The servants left with the milords and miladies and such, and then I couldn’t hear naught but the fire crackling before me.
“It’s cold,” he said, looking at me.
That were as close as he’d ever come to asking for my wellness, and I looked away. “I like the cold.”
“It wasn’t always so,” he said, and I heard him creak into the bed. “I was hard pressed to get you out of the sun in the summer gardens when we first met.”
My chest went tight and my pipes stopped up as I thought of that, chasing Joanna’s streaming blond hair through the garden, watching as it caught the light and glittered. I thought maybe if I could just catch her, I could become her, all blond hair and light and happiness. But it weren’t never to be; the summer ended and Joanna died, and I were left in the dark-haired winter that I were born for. “Things changed.”
He grunted. “Quite.”
“Why did you bring me here?” I asked. “You knew they would hate me. You knew you’d be ridiculed for me. Why do it to yourself?”
“You are my wife.”
“But it don’t help you none.”
“You are the only reason I have a claim here. It doesn’t matter if I speak like a lord, they’ll always treat me like a dog until I have the lands and titles for their damned respect. You were born a lady and these adventures of yours are nothing but a passing fancy. You should know that by now—you can run from it, but you can never unmake your birth, and they know that. For both of us.”
“But—” I started.
“Besides,” he continued, routing me off. “Prince John demands, and I answer.”
“He wanted to see us as man and wife?”
“He doesn’t like people subverting his control. Did you think your follies would go unnoticed?”
I frowned. “Well, it ain’t like it were all my fault.”
“You are more dangerous than a few peasants and a fallen earl, Marian.”
“Why? Just because I’m a noble?”
“Good night, Marian.”
“Gisbourne—”
“Please let one night pass where I don’t need to be furious with you.”
It weren’t my fault he had the temper of a bear. It weren’t my fault that he made me come here, made me stay in this god-awful place. None of it were my fault.
Still, I stayed quiet.
Chapter Thirteen
The morning dawned cold and clear, and my husband w
ere up as early as me, dressing for the second day of the joust. Mary fussed over me to make me ready to walk beside the princess, and I ain’t never felt so foolish.
“Here,” Gisbourne said as I were done. He tossed a purse of coin my way and I snatched it. “The princess will expect you to spend.”
I peeked inside. “You won’t see any of this back, you know.”
His lip curled up like a dog. “So be it. You’ve already been stealing from me anyway, haven’t you?”
Tying the purse inside my skirts, I didn’t cop to it none.
“Marian,” he said.
“Fine, I nicked the coins,” I said, rolling my eyes. “You married a thief, you should hide things better.”
“Marian,” he said, and I looked up. “Impress her.”
I wanted to ask why, but I knew he were sweet on Isabel.
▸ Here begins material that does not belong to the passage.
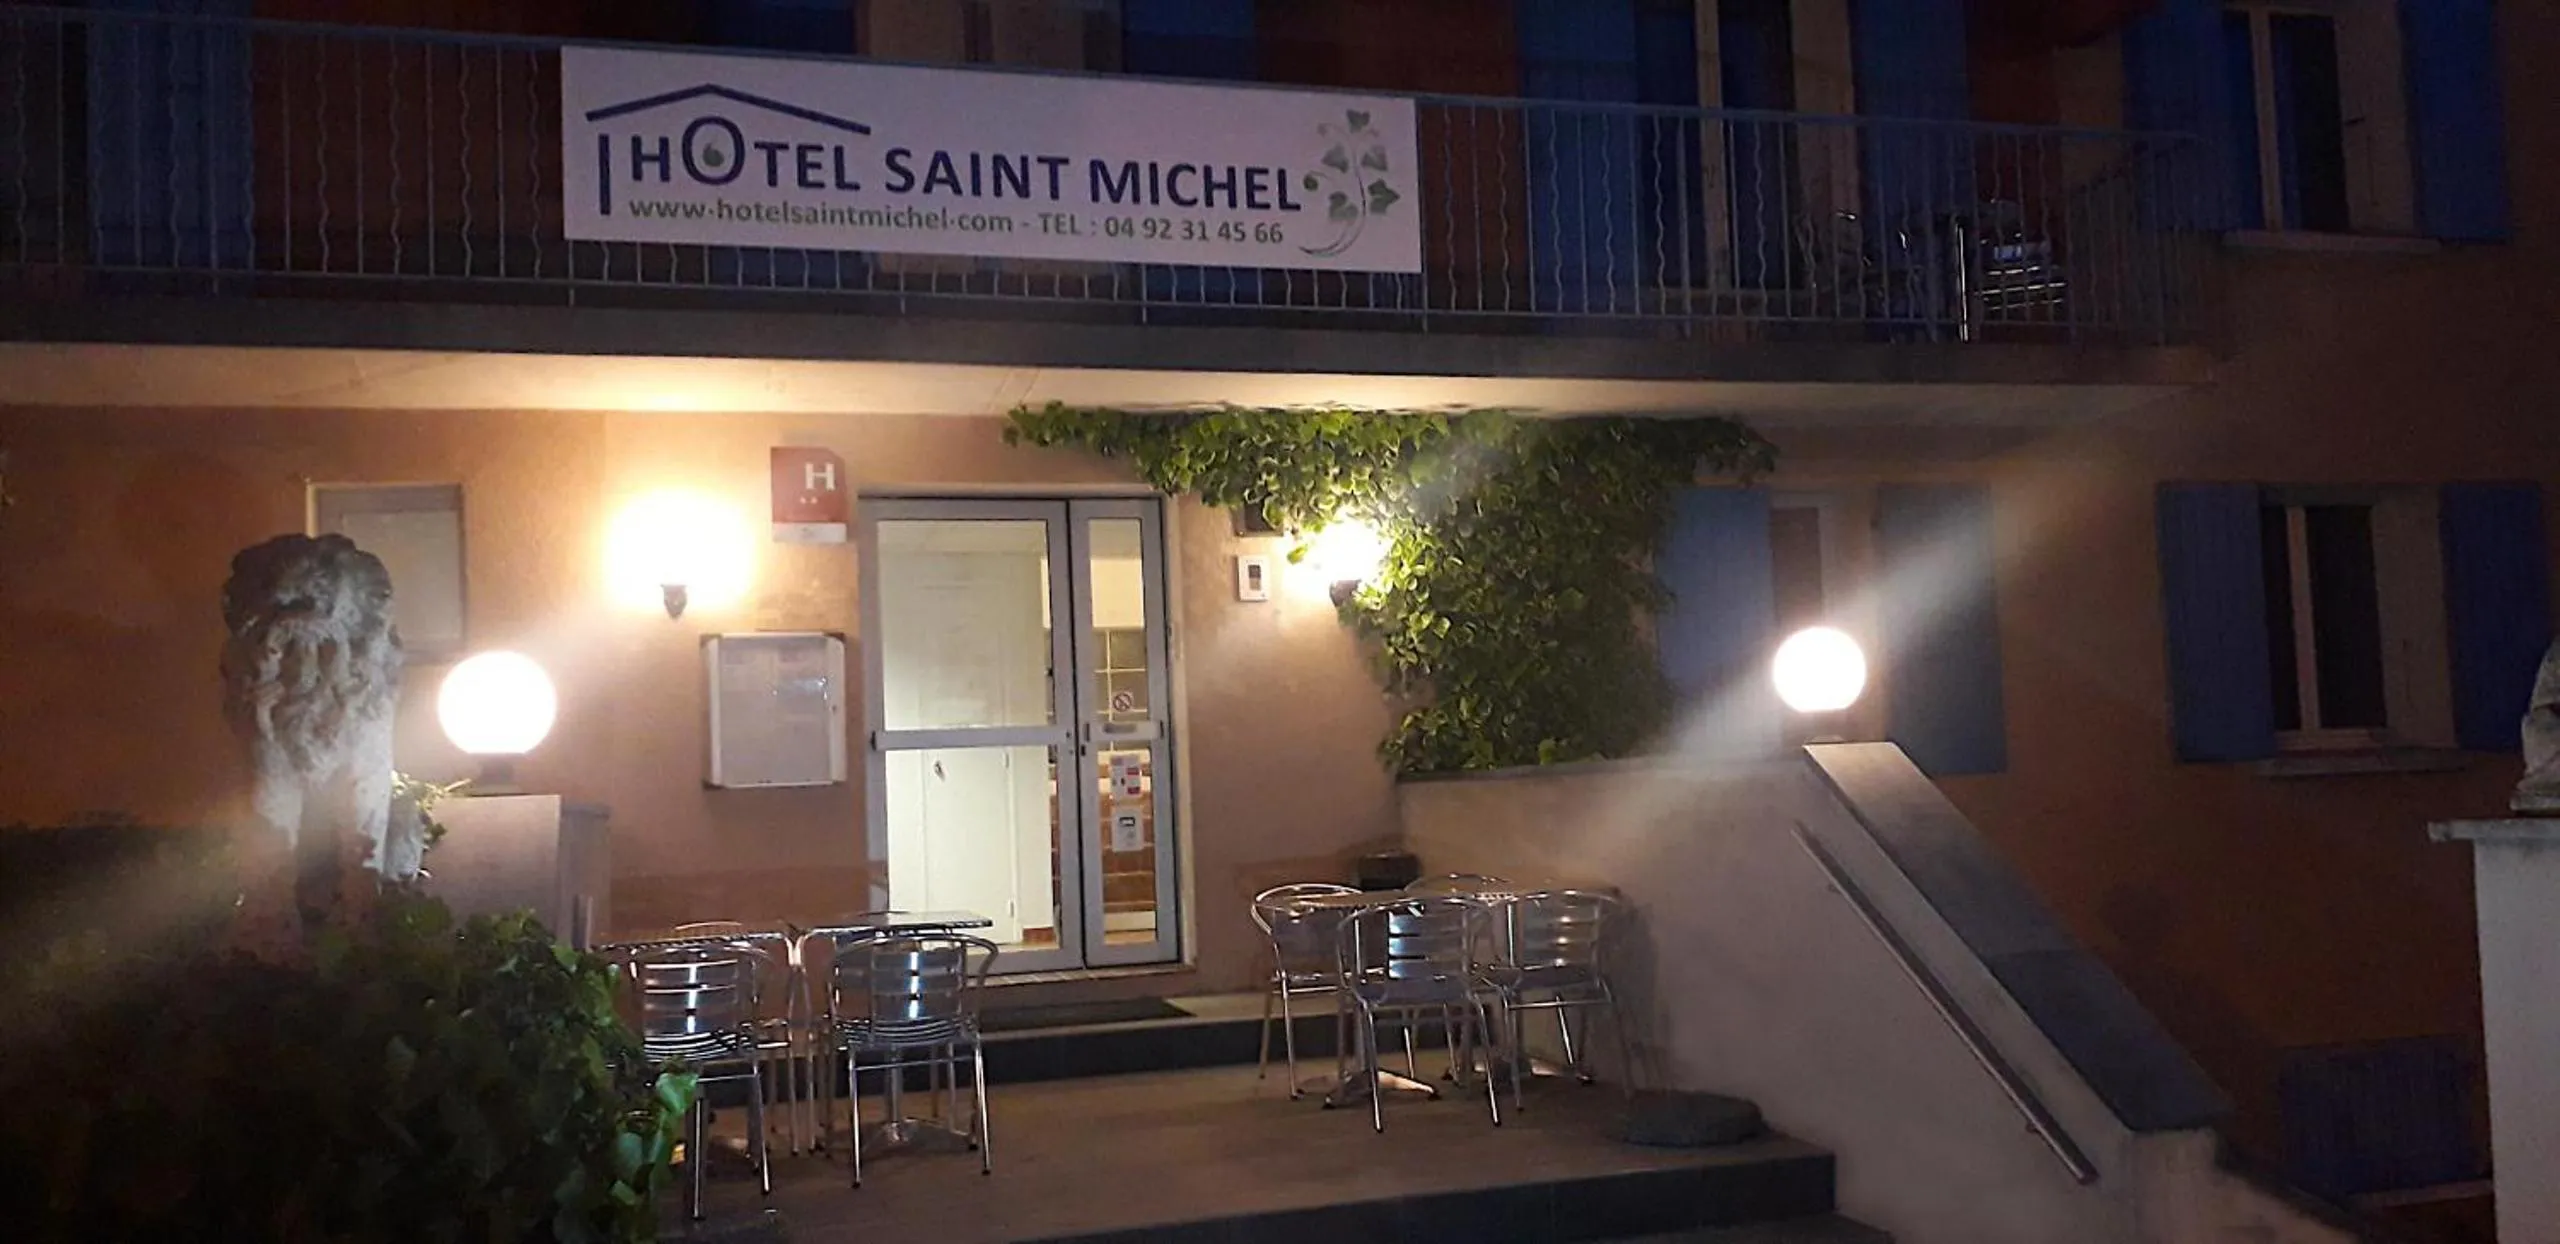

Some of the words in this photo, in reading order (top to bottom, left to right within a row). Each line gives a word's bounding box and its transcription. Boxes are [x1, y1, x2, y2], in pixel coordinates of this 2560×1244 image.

Or I reckoned I knew—but that would be part and parcel with my husband having sweetness, or even a heart, which I weren’t sure were so.
“I’ll try to be less your wild wife,” I told him. He nodded like it were some solemn thing I promised, and then he left.
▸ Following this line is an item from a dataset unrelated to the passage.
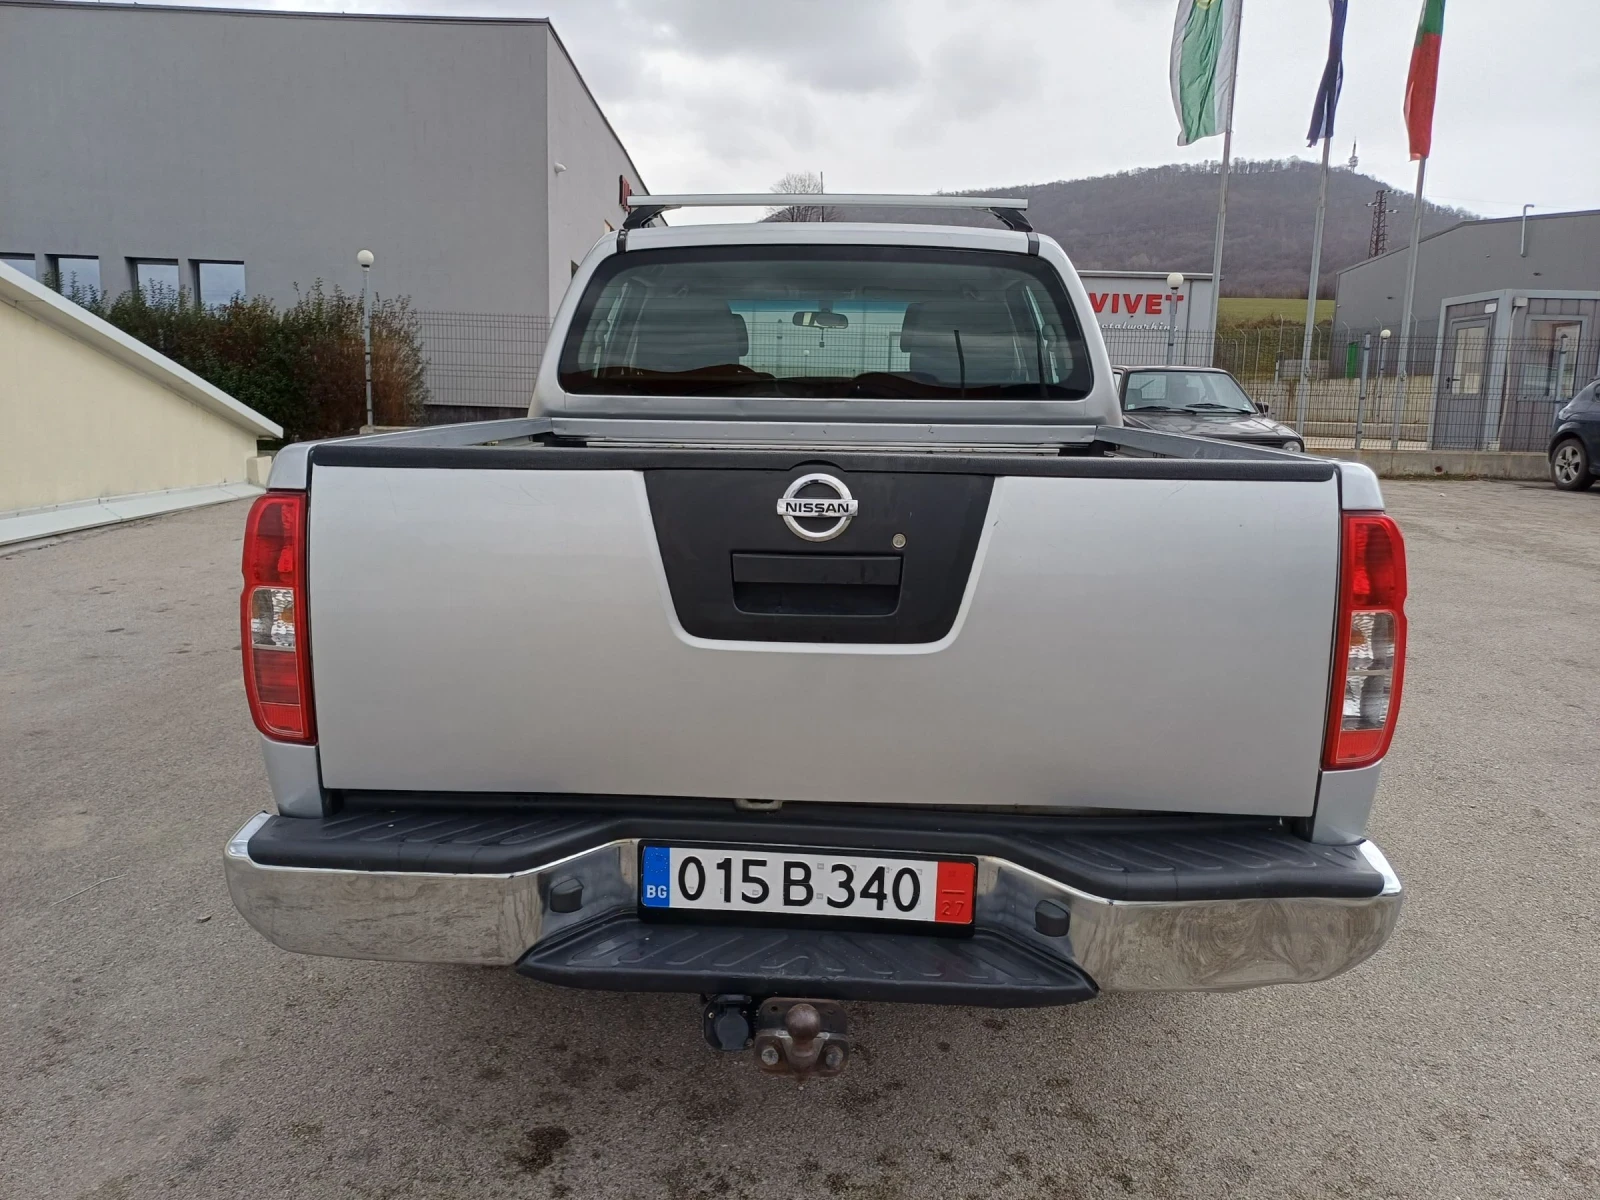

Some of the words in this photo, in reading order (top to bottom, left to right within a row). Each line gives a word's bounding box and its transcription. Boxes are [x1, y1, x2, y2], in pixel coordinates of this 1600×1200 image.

Mary heaped me with a furry cloak and fancy gloves and ladylike boots that were fair useless, little more than fur-lined fabric in the shape of a boot with nothing to make it sturdy or stalwart in any measure. If I were to so much as run to the gates, they’d be naught but a heap of fur-lined shreds.
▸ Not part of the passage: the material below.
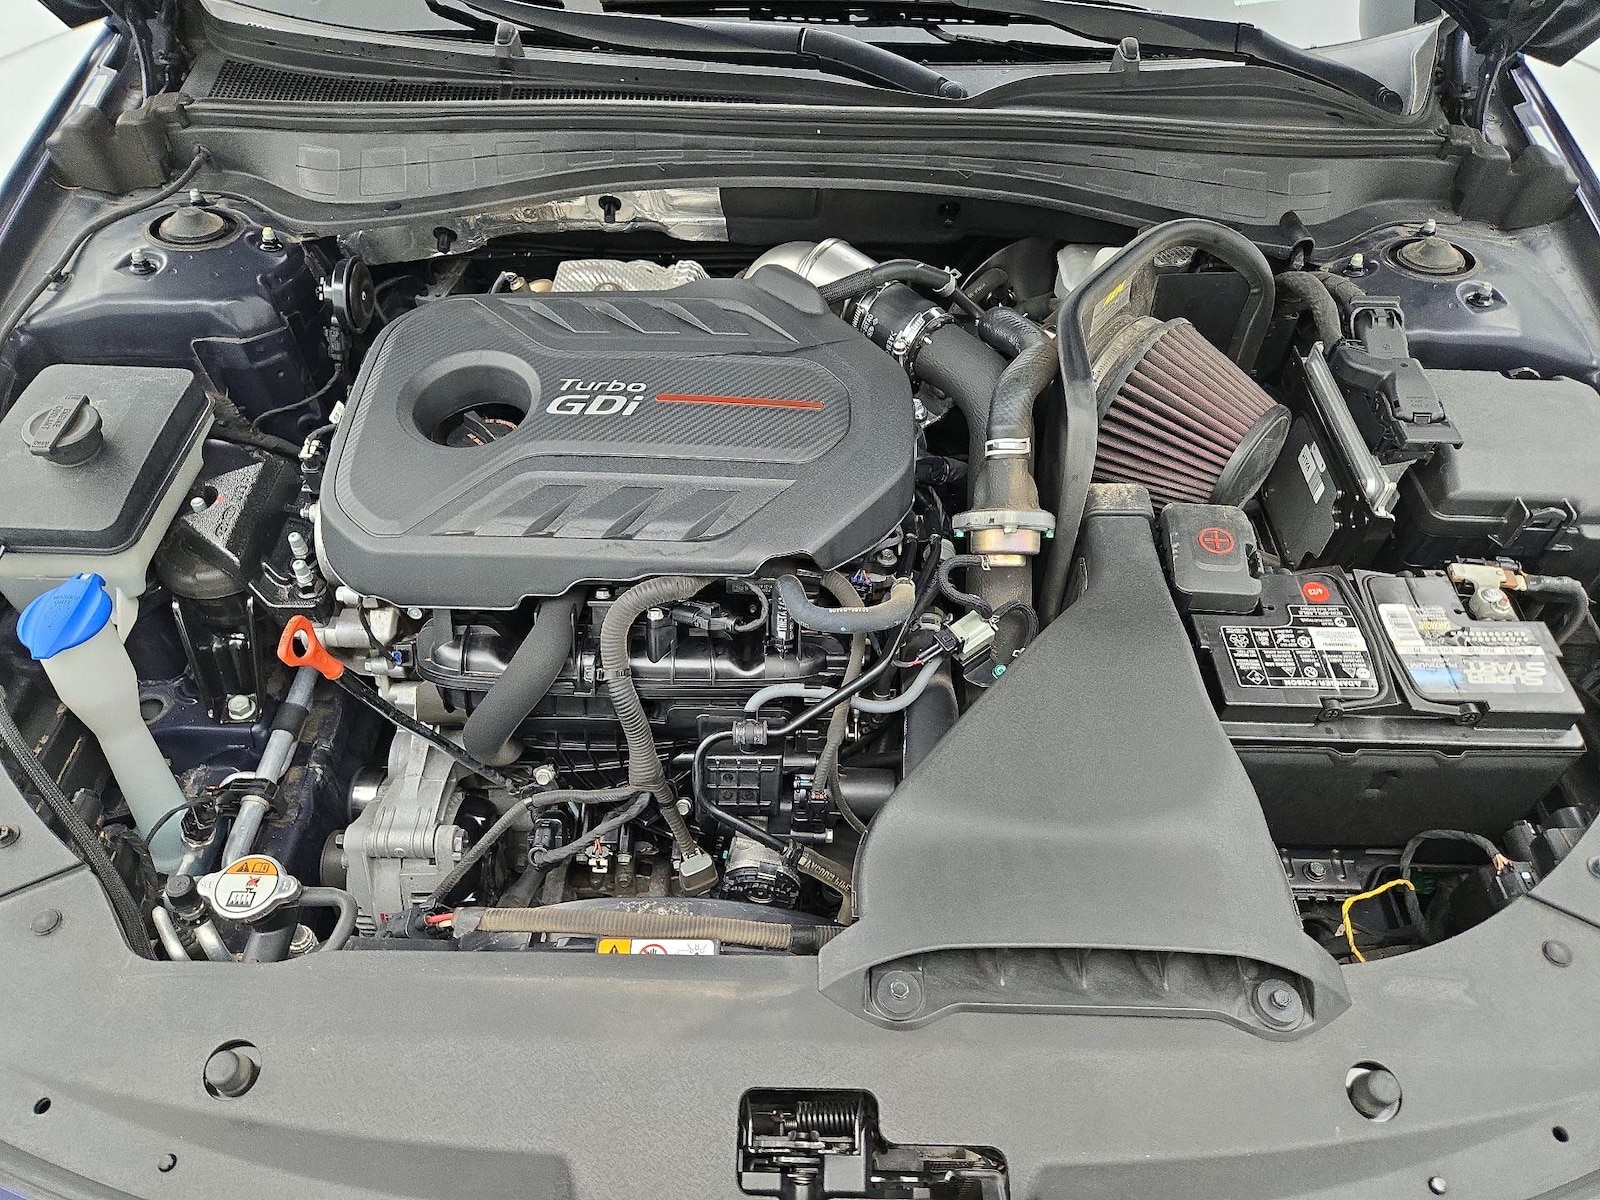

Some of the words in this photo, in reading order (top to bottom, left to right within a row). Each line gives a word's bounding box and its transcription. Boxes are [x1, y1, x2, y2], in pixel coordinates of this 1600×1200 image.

[560, 378, 647, 392] Turbo
[546, 395, 645, 416] GDi
[1464, 661, 1547, 677] START
[1467, 674, 1544, 686] SUPER
But for walking slow and making pretty, they were just fine.
I were shown to the princess’s chambers and made to wait outside until she were ready, with the higher-ranking ladies flocked about her. When she emerged, the few others standing there dropped to curtsies, and it took me a breath to remember I were meant to do it too.
“Come along,” she said, and we all stood and followed her out.
It were a messy business, so many puffed-up ladies walking down a single hallway, but the overly layered parade made it to the courtyard intact. It seemed we were meant to follow along behind the princess in a half circle, which one lady—who hadn’t introduced herself to me—waved her hands and swatted at me to make sure I’d do.